Si azzarda con l’altalena temporale che offre anche i momenti più divertenti. La storia di Ritorno al Crimine si articola su due piani temporali: il 2019 (anno in cui è stato girato il film) e il 1982.

Questo è uno dei punti a favore del film che piace anche a chi non ama i fantasy grazie all'ironia e a come si prendono in giro gli stereotipi, le frivolezze e i falsi miti soprattutto quelli diffusi nel terzo millennio attraverso il personaggio di Edoardo Leo, Renatino che attraversa anche lui il misterioso portale che unisce passato e presente per riprendersi il tesoro della banda portandolo nel 2019 per poi ritrovarsi a tentare il furto di un Van Gogh insieme a Ranieri che lo trascina a un party radical chic confrontandosi con gli usi e costumi della nostra contemporaneità che non capisce e mal sopporta. Renatino si muove come un pesce fuor d’acqua e,al tempo stesso, ha un’evoluzione: si placa e da spietato antagonista entra a far parte della ‘banda dei buoni’ formata dal trio Gassmann-Giallini-Tognazzi che, nel frattempo, sono di nuovo nel passato per una missione a Napoli per cercare nei Quartieri Spagnoli il violento camorrista O’Rattuso (Gianfranco Gallo).

L’amore per Napoli

Come Ritorno al Futuro, anche la saga ideata da Bruno è diventata una trilogia. La prossima stagione uscirà al cinema il terzo capitolo, C’era una volta il crimine che attualmente è in post produzione che come new entry avrà Giampaolo Morelli.

Anche per C’era una volta il Crimine è girato a Napoli. Massimiliano Bruno è rimasto così incantato da Napoli durante le riprese di Ritorno al Crimine che per il terzo film Bruno ha deciso di ritornare a Napoli per portare i suoi ‘eroi’ in un viaggio nel tempo un po' più lontano, ossia durante la rivolta delle Quattro Giornate di Napoli.

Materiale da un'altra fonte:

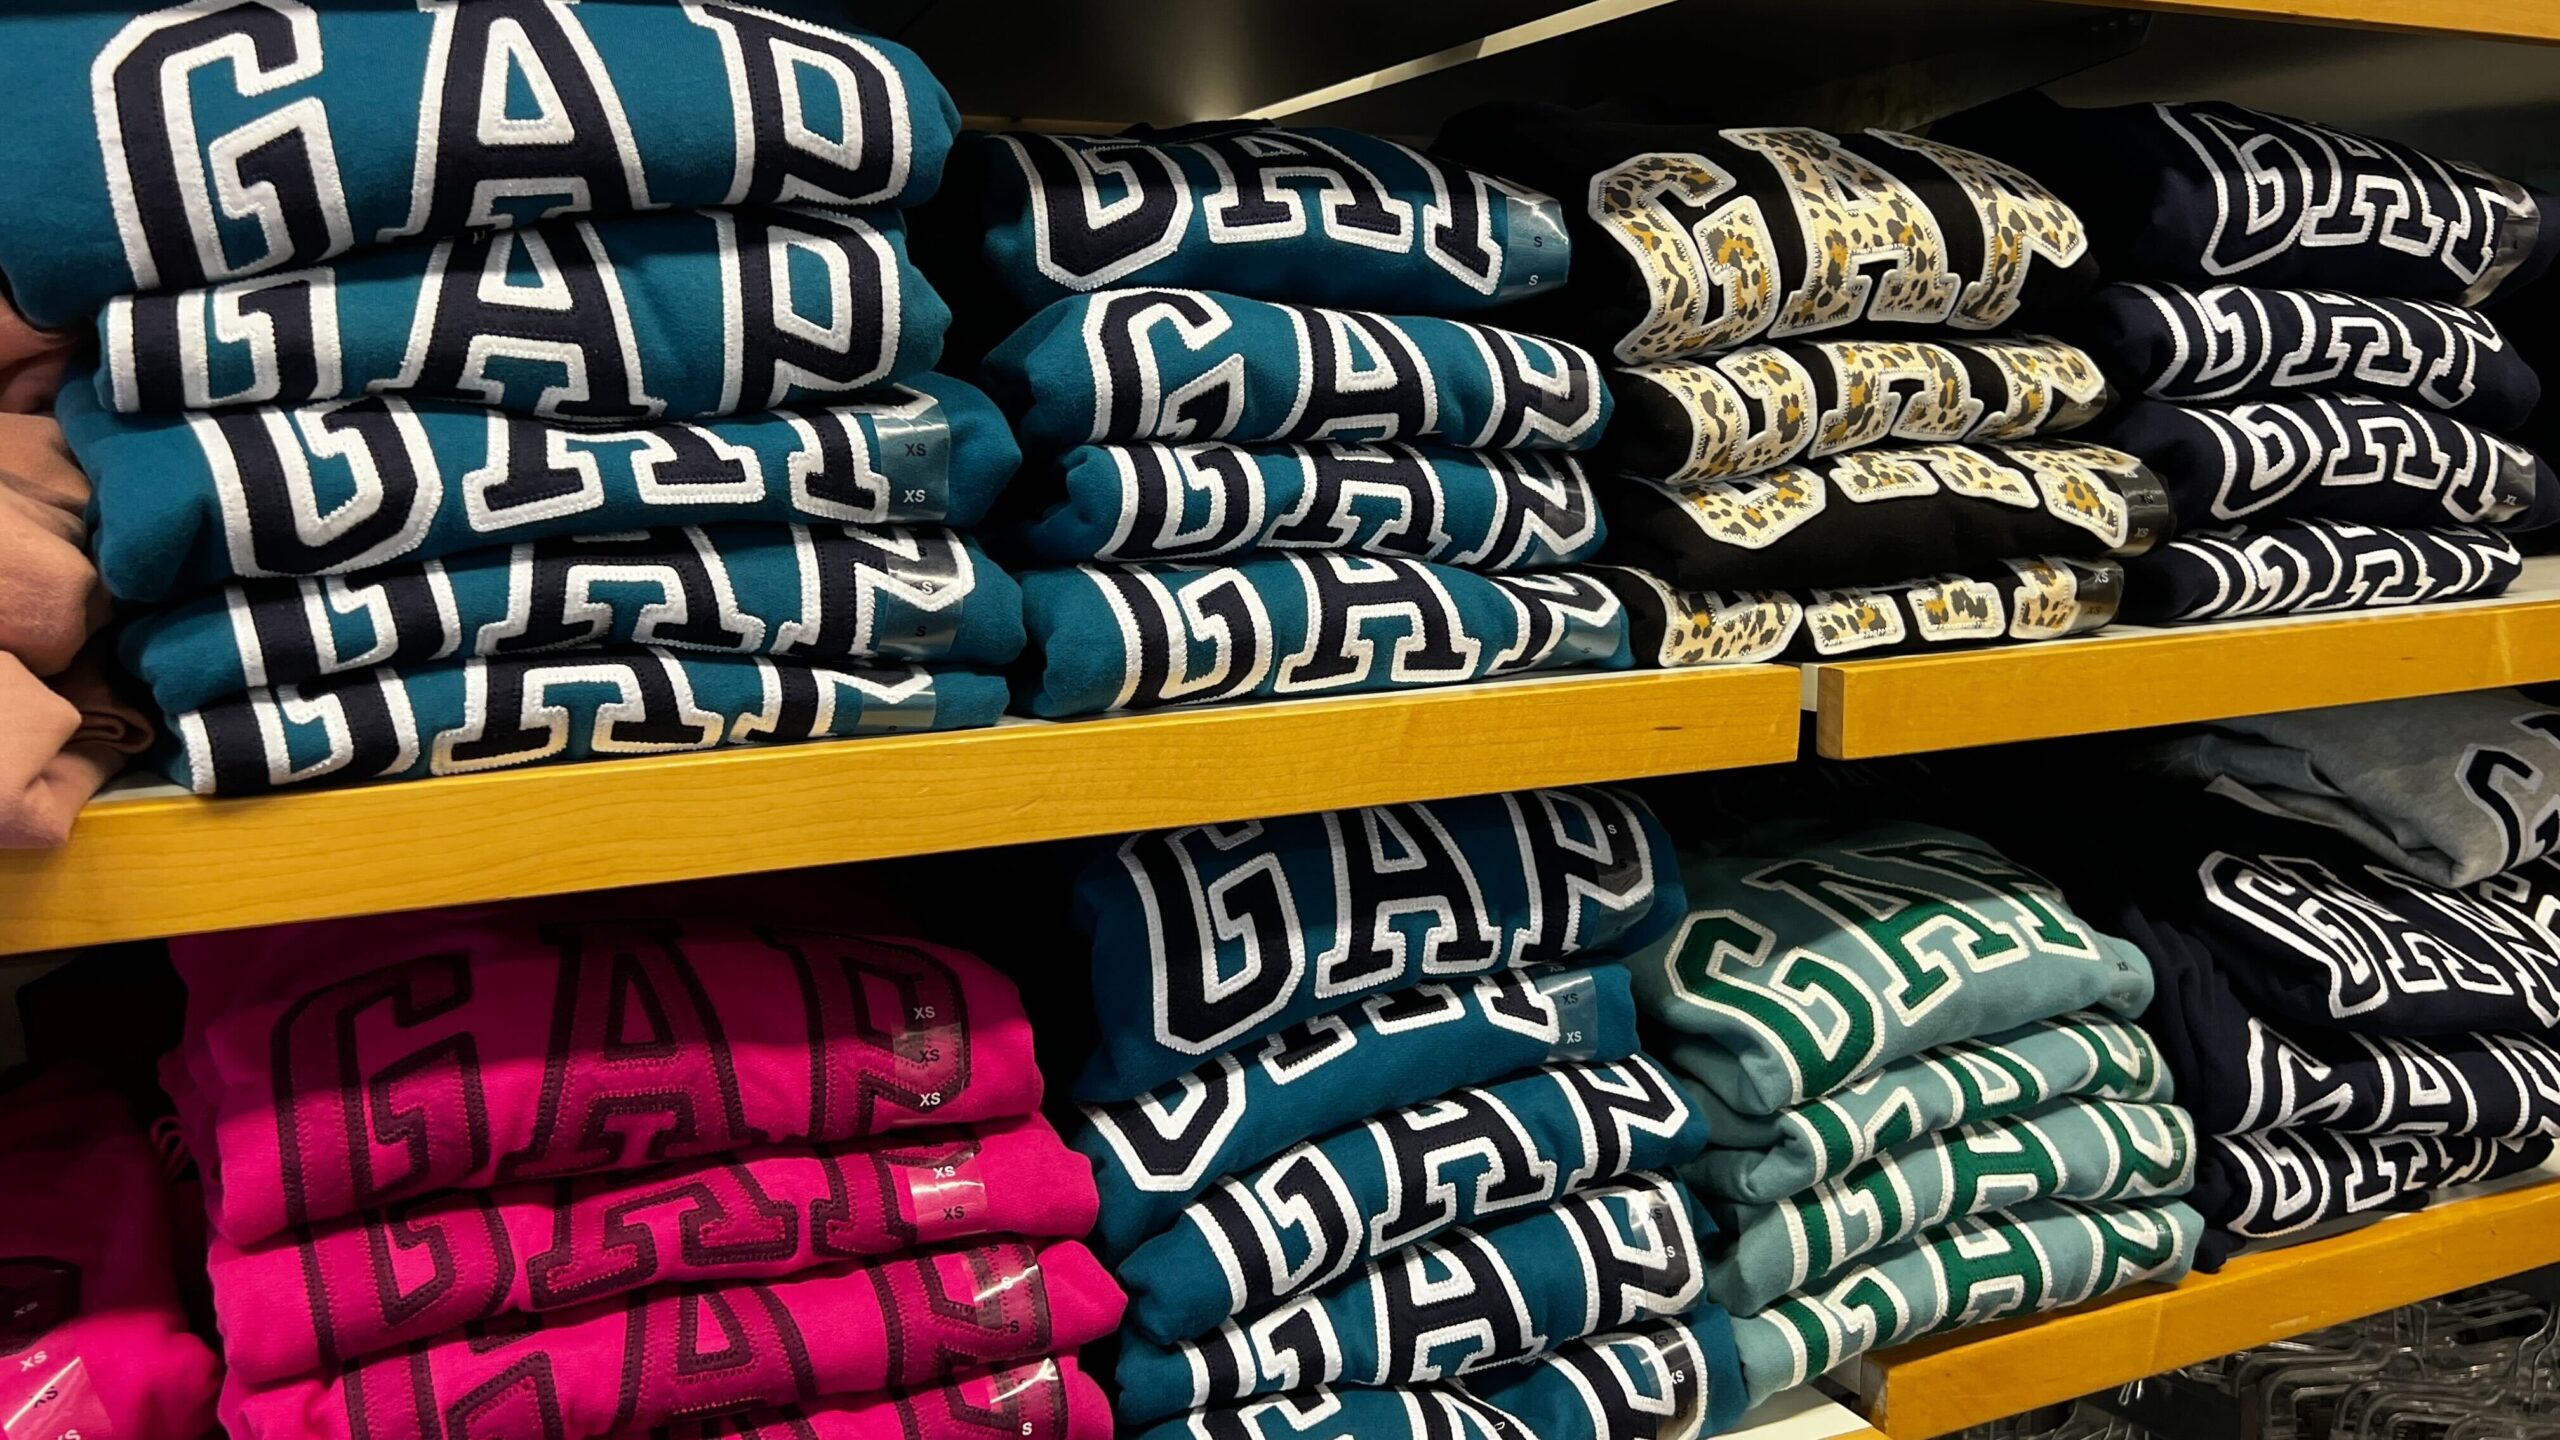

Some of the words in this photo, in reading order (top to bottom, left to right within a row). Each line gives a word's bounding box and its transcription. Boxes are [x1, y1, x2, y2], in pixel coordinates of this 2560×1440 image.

[91, 0, 916, 290] GAP
[1533, 236, 1543, 248] S
[1588, 126, 2088, 366] GAP
[1528, 274, 1539, 286] S
[904, 443, 927, 457] XS
[903, 489, 926, 503] XS
[2094, 571, 2110, 584] XS
[921, 581, 934, 594] S
[915, 625, 927, 637] S
[1607, 824, 1618, 835] S
[1117, 784, 1656, 1055] GAP
[1664, 840, 2100, 1100] GAP
[2116, 961, 2129, 972] XS
[1562, 992, 1579, 1005] XS
[913, 1006, 936, 1020] XS
[1566, 1030, 1582, 1044] XS
[919, 1048, 940, 1063] XS
[271, 916, 972, 1228] GAP
[919, 1091, 941, 1107] XS
[933, 1165, 956, 1179] XS
[942, 1206, 965, 1221] XS
[1661, 1245, 1676, 1258] S
[1009, 1320, 1020, 1334] S
[20, 1350, 48, 1373] XS
[1021, 1421, 1033, 1436] S
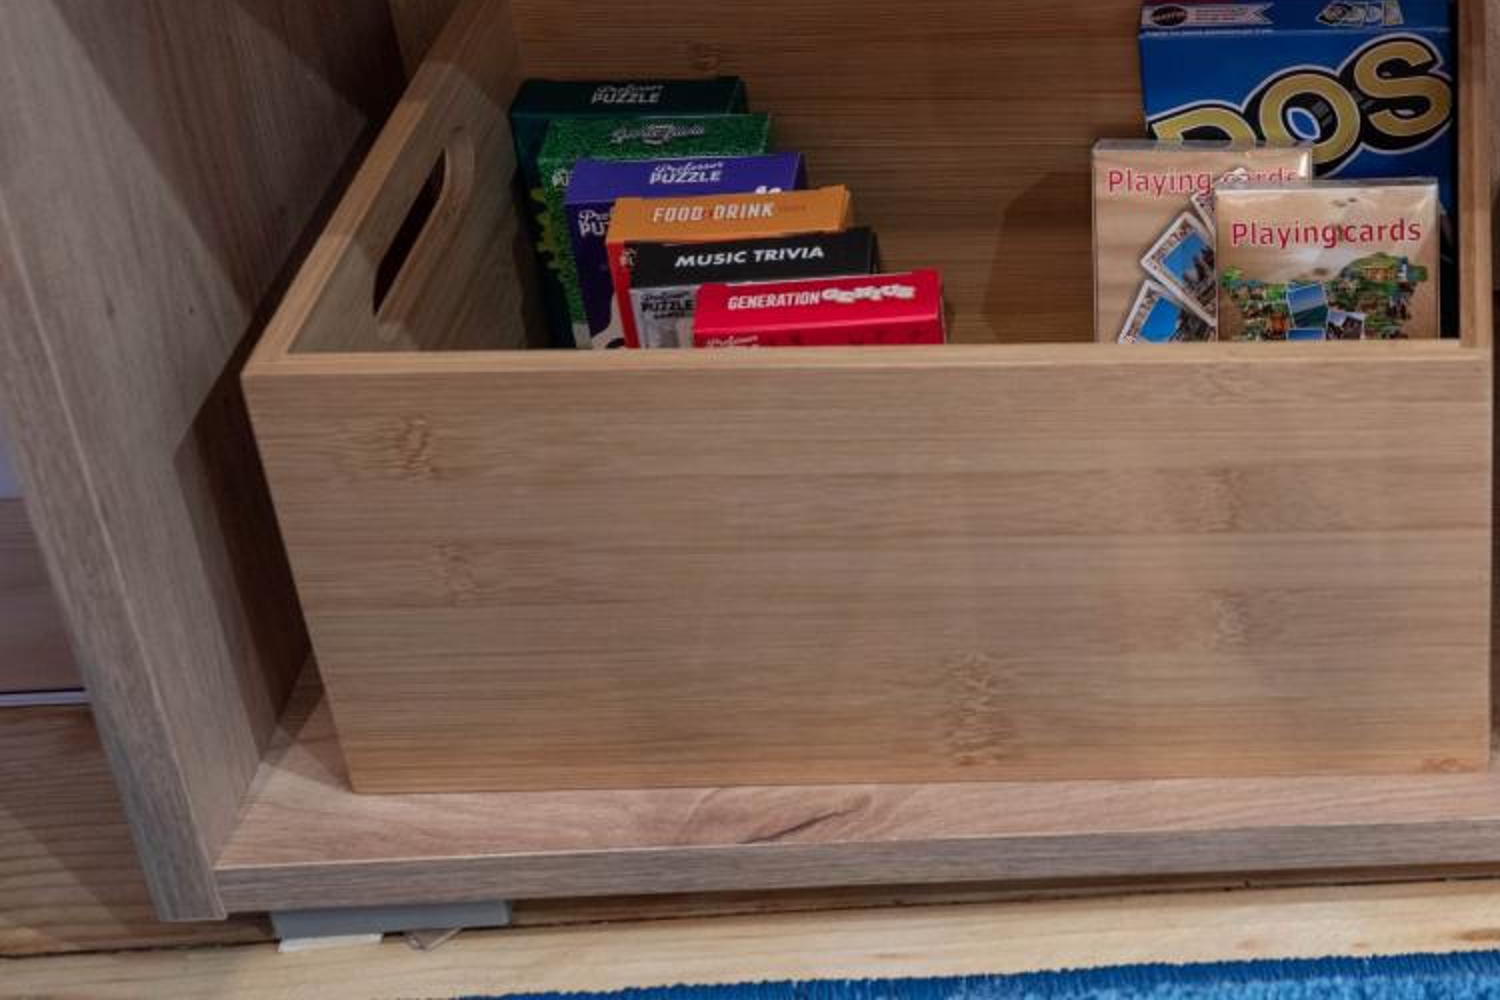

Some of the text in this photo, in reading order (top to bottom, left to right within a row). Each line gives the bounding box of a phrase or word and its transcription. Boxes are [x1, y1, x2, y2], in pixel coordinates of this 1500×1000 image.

[591, 89, 661, 104] PUZZLE
[650, 170, 722, 185] PUZZLE
[1108, 169, 1211, 198] Playing
[653, 206, 705, 223] FOOD
[713, 202, 775, 219] DRINK
[1232, 218, 1422, 249] Playing cards
[675, 246, 825, 268] MUSIC TRIVIA
[727, 291, 820, 311] GENERATION

A Napoli ho lavorato con persone che hanno dato un apporto tecnico straordinario: veloce, professionale, organizzato. Non so per quale motivo, un certo tipo di stampa non leghi mai queste parole a Napoli usando come bandiera di Napoli la criminalità e altri argomenti. Napoli è ben altro. E’ una città meravigliosa dal punto di vista architettonico ed è immersa nell’arte. Il teatro e il cinema sono cose serie a Napoli con grandi nomi che hanno segnato la storia a livello mondiale. Paolo Sorrentino ha vinto l’Oscar ed è napoletano; Eduardo De Filippo è stato tradotto in circa 60 lingue ed era napoletano. Per non parlare di veri capi classe come Totò, Peppino De Filippo e Massimo Troisi. Napoli è cultura” afferma il regista entusiasmato dalla città partenopea tanto da dichiarare di aver vissuto una sorta di Sindrome di Stendhal “Avendo dei ciceroni che mi hanno portato a vedere dei luoghi di Napoli che mi hanno fatto innamorare in maniera magica. Tra me e la città c’è stato un colpo di fulmine che sono ritornato qui per girare anche il terzo film ambientandolo nella Napoli del 1943”.